Keep the images out while you set down the data exactly.
┌─ RECORDS PROVIDED
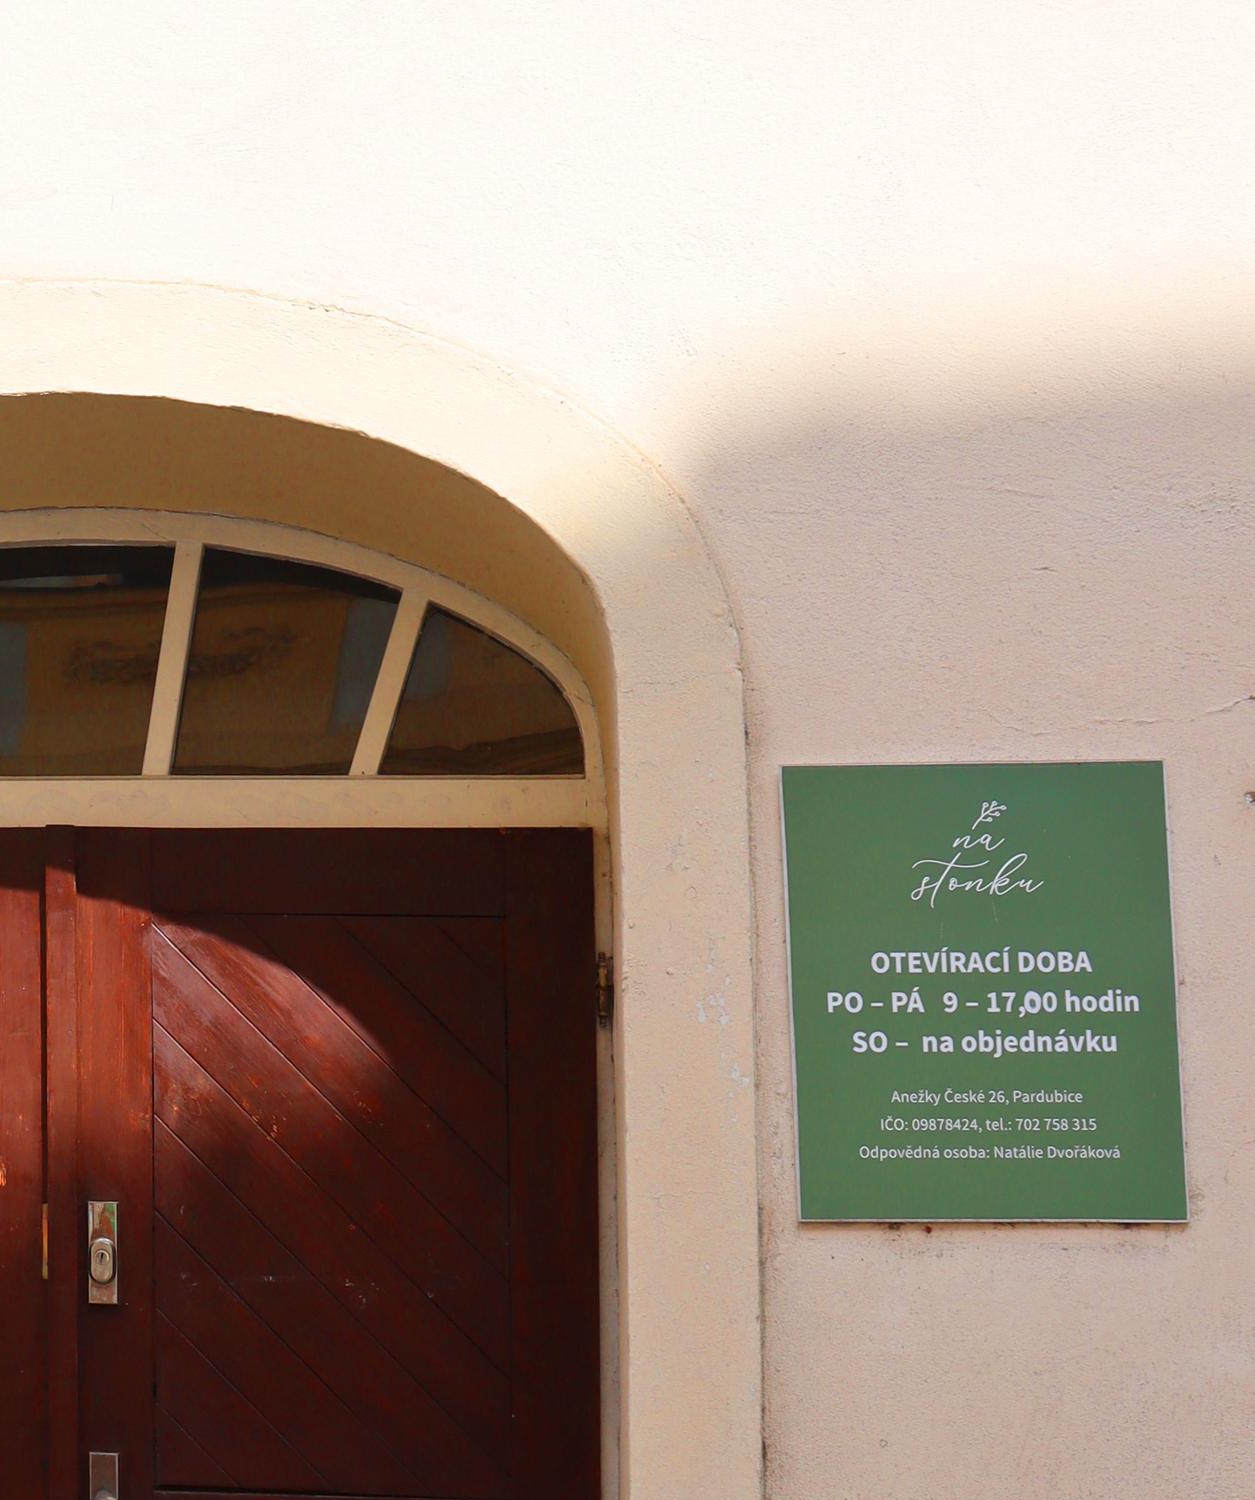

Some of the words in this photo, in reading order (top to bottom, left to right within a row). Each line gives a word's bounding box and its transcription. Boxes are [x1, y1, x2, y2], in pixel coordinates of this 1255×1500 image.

[870, 946, 1011, 974] OTEVÍRACÍ
[1018, 951, 1093, 973] DOBA
[827, 991, 864, 1014] PO
[891, 986, 925, 1014] PÁ
[943, 991, 958, 1014] 9
[1065, 991, 1140, 1013] hodin
[852, 1031, 888, 1053] SO
[922, 1035, 954, 1053] na
[961, 1031, 1118, 1058] objednávku
[891, 1089, 941, 1107] Anežky
[943, 1088, 985, 1104] České
[988, 1090, 1010, 1105] 26,
[1013, 1090, 1083, 1104] Pardubice
[880, 1117, 909, 1132] IČO:
[911, 1118, 983, 1133] 09878424,
[985, 1118, 1012, 1132] tel.:
[1015, 1118, 1040, 1131] 702
[1044, 1118, 1069, 1131] 758
[1072, 1118, 1097, 1131] 315
[859, 1145, 940, 1162] Odpovědná
[943, 1146, 990, 1160] osoba:
[993, 1146, 1044, 1160] Natálie
[1047, 1146, 1121, 1160] Dvořáková
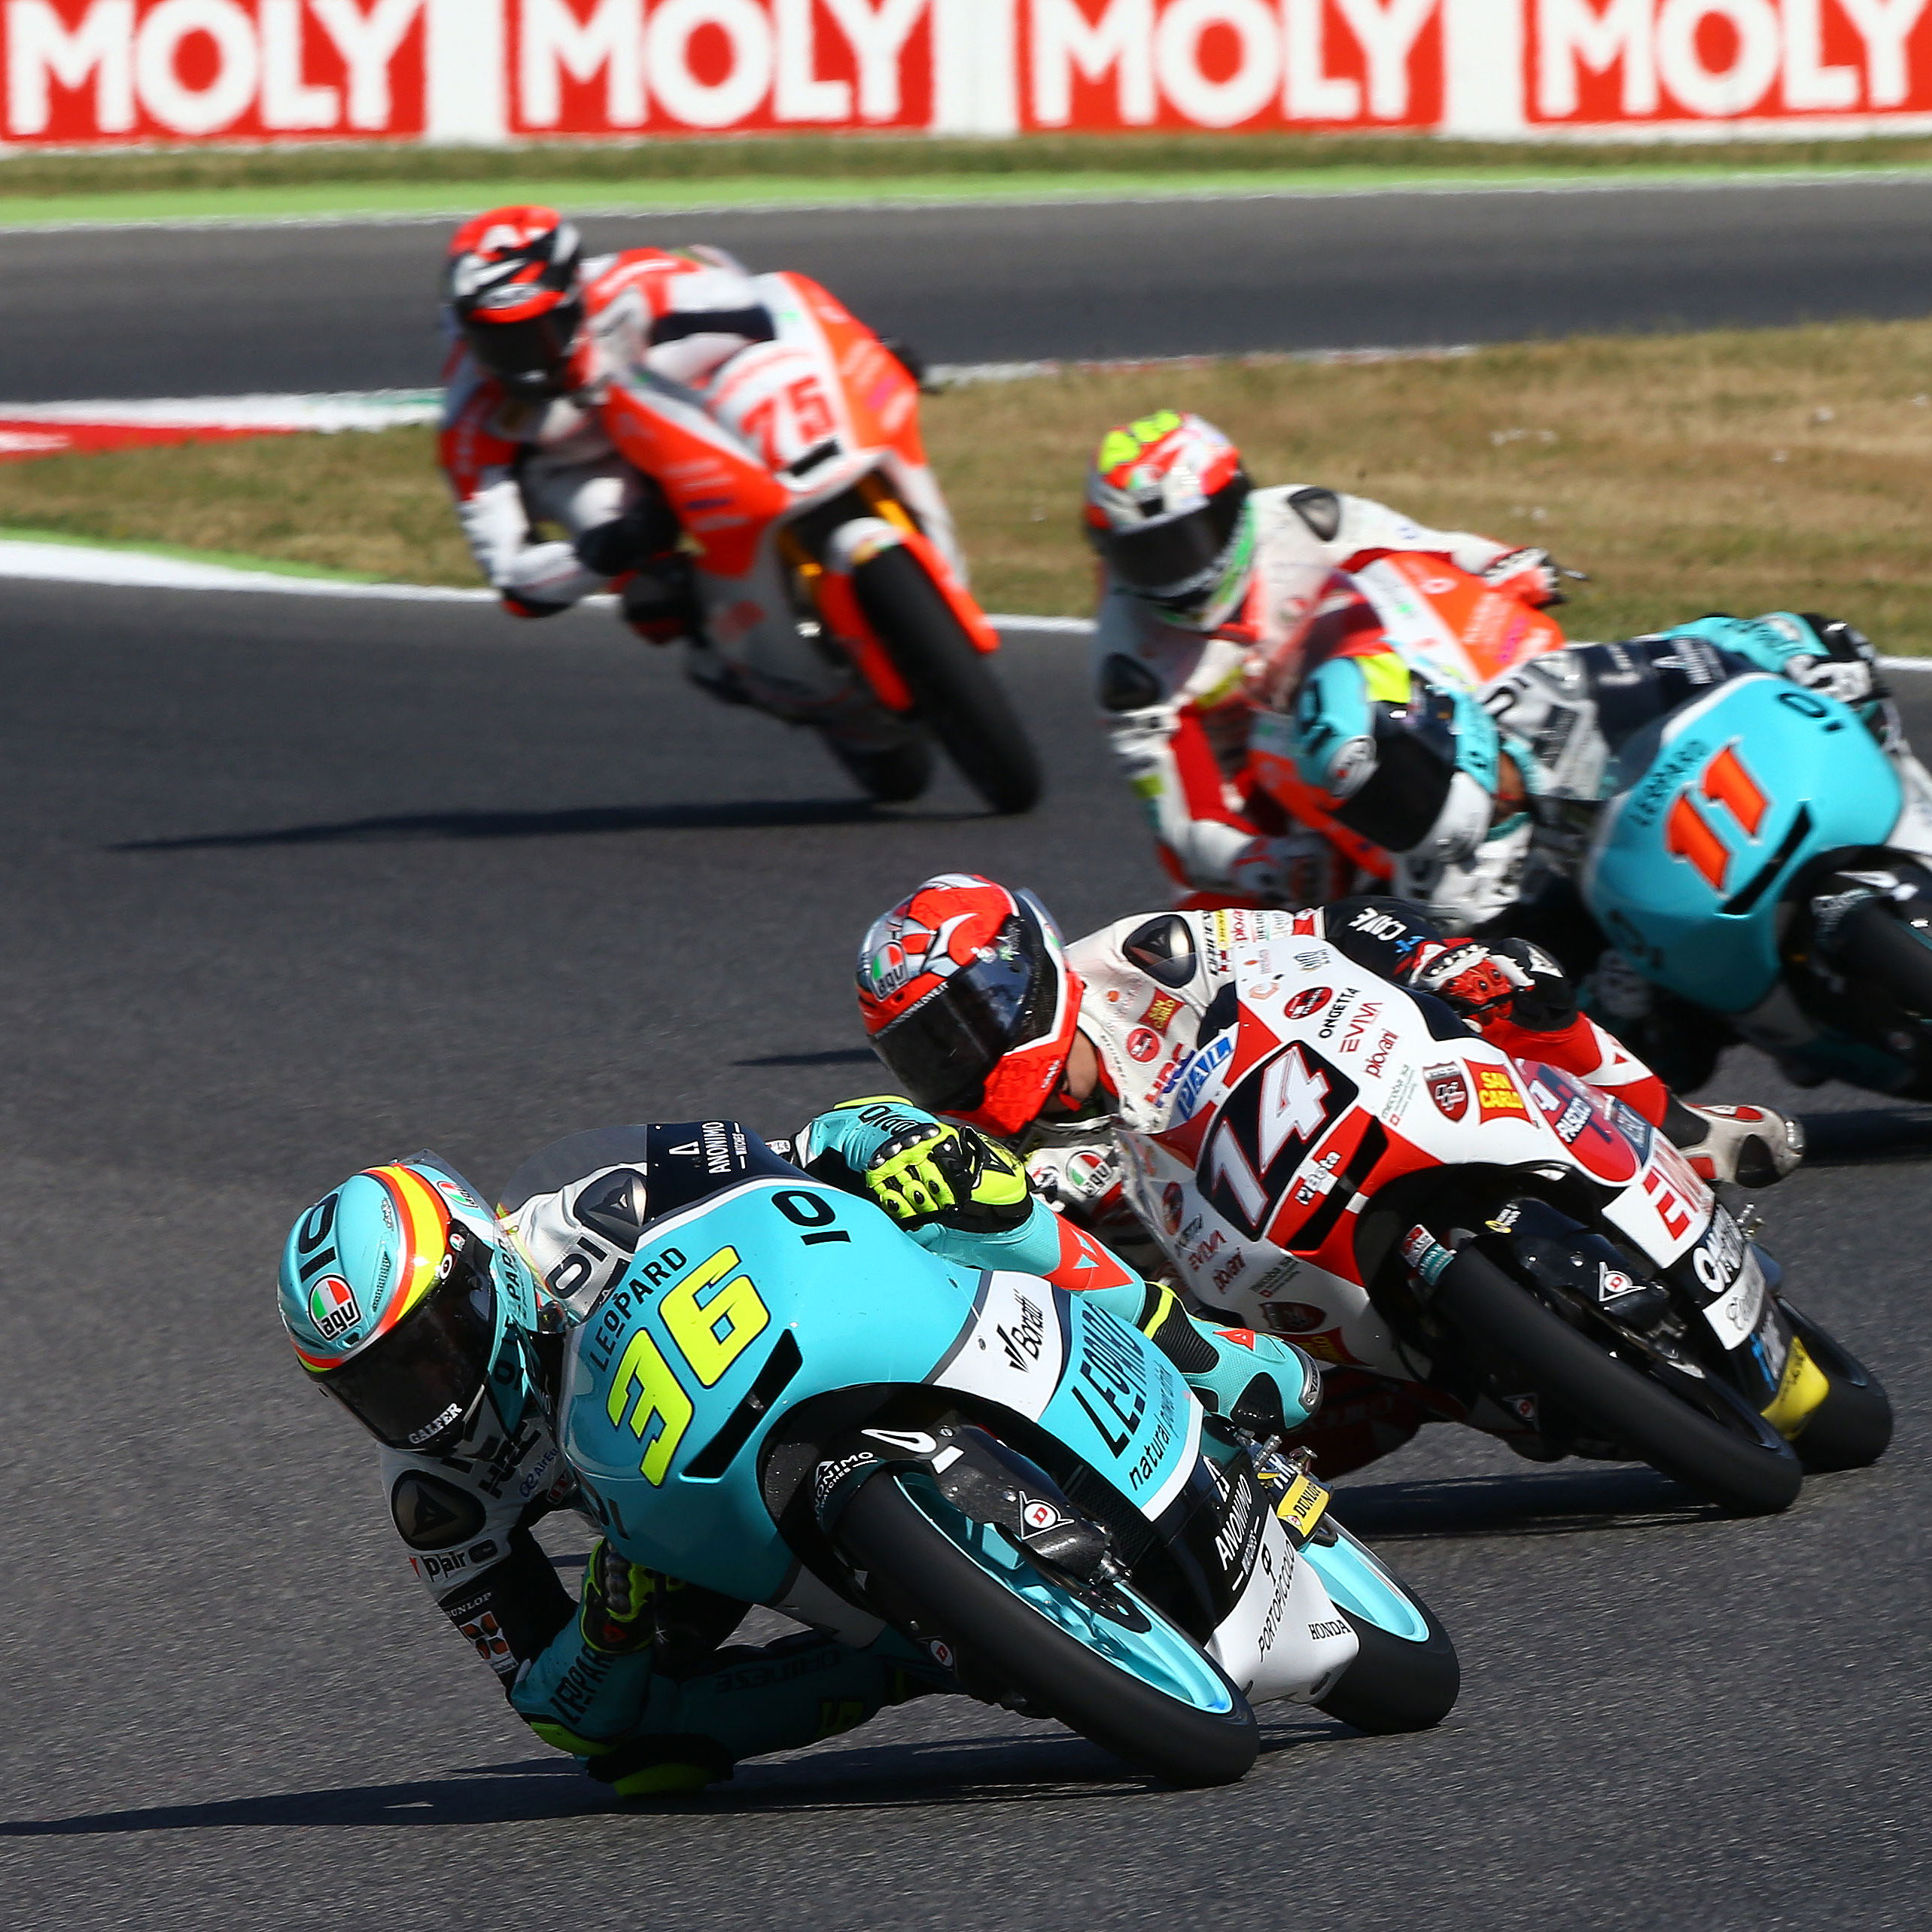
└─
**SOLUTION**:
Some of the words in this photo, in reading order (top to bottom, left to right within a row). Each line gives a word's bounding box and its transcription. Boxes are [x1, y1, x2, y2], in pixel coordinates of this 1255×1500 image.

[870, 946, 1011, 974] OTEVÍRACÍ
[1018, 951, 1093, 973] DOBA
[827, 991, 864, 1014] PO
[891, 986, 925, 1014] PÁ
[943, 991, 958, 1014] 9
[1065, 991, 1140, 1013] hodin
[852, 1031, 888, 1053] SO
[922, 1035, 954, 1053] na
[961, 1031, 1118, 1058] objednávku
[891, 1089, 941, 1107] Anežky
[943, 1088, 985, 1104] České
[988, 1090, 1010, 1105] 26,
[1013, 1090, 1083, 1104] Pardubice
[880, 1117, 909, 1132] IČO:
[911, 1118, 983, 1133] 09878424,
[985, 1118, 1012, 1132] tel.:
[1015, 1118, 1040, 1131] 702
[1044, 1118, 1069, 1131] 758
[1072, 1118, 1097, 1131] 315
[859, 1145, 940, 1162] Odpovědná
[943, 1146, 990, 1160] osoba:
[993, 1146, 1044, 1160] Natálie
[1047, 1146, 1121, 1160] Dvořáková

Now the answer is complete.